## [Data for the task]
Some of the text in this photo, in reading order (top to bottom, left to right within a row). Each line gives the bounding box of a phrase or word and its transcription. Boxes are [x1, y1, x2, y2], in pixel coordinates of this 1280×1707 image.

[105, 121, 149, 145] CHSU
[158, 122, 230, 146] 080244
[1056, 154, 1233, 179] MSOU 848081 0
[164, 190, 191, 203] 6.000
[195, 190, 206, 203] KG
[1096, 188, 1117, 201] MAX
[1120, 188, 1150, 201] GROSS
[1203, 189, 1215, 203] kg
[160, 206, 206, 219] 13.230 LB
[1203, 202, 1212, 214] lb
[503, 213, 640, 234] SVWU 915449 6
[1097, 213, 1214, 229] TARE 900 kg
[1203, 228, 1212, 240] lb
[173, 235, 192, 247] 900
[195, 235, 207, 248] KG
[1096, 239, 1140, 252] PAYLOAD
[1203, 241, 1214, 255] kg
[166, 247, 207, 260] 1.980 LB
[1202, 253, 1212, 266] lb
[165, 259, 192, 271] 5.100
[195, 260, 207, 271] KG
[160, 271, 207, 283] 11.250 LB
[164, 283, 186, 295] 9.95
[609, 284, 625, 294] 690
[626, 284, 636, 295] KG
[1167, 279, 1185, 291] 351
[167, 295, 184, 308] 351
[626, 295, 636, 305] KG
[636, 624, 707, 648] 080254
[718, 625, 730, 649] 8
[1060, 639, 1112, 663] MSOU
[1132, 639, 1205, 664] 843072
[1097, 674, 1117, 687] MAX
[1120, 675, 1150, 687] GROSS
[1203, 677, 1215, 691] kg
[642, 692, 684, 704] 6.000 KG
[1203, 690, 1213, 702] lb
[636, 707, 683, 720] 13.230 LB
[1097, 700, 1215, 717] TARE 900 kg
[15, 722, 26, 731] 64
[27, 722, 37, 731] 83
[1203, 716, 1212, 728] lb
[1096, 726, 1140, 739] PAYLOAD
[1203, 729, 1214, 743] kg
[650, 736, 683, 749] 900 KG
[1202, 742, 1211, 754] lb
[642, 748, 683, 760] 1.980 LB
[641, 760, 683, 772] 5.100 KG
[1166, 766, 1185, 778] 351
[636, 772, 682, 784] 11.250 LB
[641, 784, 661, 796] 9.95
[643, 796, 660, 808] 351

## [Aim of the exercise]
Retype every record without alteration.

## [Output below]
Some of the text in this photo, in reading order (top to bottom, left to right within a row). Each line gives the bounding box of a phrase or word and its transcription. Boxes are [x1, y1, x2, y2], in pixel coordinates of this 1280×1707 image.

[105, 121, 149, 145] CHSU
[158, 122, 230, 146] 080244
[1056, 154, 1233, 179] MSOU 848081 0
[164, 190, 191, 203] 6.000
[195, 190, 206, 203] KG
[1096, 188, 1117, 201] MAX
[1120, 188, 1150, 201] GROSS
[1203, 189, 1215, 203] kg
[160, 206, 206, 219] 13.230 LB
[1203, 202, 1212, 214] lb
[503, 213, 640, 234] SVWU 915449 6
[1097, 213, 1214, 229] TARE 900 kg
[1203, 228, 1212, 240] lb
[173, 235, 192, 247] 900
[195, 235, 207, 248] KG
[1096, 239, 1140, 252] PAYLOAD
[1203, 241, 1214, 255] kg
[166, 247, 207, 260] 1.980 LB
[1202, 253, 1212, 266] lb
[165, 259, 192, 271] 5.100
[195, 260, 207, 271] KG
[160, 271, 207, 283] 11.250 LB
[164, 283, 186, 295] 9.95
[609, 284, 625, 294] 690
[626, 284, 636, 295] KG
[1167, 279, 1185, 291] 351
[167, 295, 184, 308] 351
[626, 295, 636, 305] KG
[636, 624, 707, 648] 080254
[718, 625, 730, 649] 8
[1060, 639, 1112, 663] MSOU
[1132, 639, 1205, 664] 843072
[1097, 674, 1117, 687] MAX
[1120, 675, 1150, 687] GROSS
[1203, 677, 1215, 691] kg
[642, 692, 684, 704] 6.000 KG
[1203, 690, 1213, 702] lb
[636, 707, 683, 720] 13.230 LB
[1097, 700, 1215, 717] TARE 900 kg
[15, 722, 26, 731] 64
[27, 722, 37, 731] 83
[1203, 716, 1212, 728] lb
[1096, 726, 1140, 739] PAYLOAD
[1203, 729, 1214, 743] kg
[650, 736, 683, 749] 900 KG
[1202, 742, 1211, 754] lb
[642, 748, 683, 760] 1.980 LB
[641, 760, 683, 772] 5.100 KG
[1166, 766, 1185, 778] 351
[636, 772, 682, 784] 11.250 LB
[641, 784, 661, 796] 9.95
[643, 796, 660, 808] 351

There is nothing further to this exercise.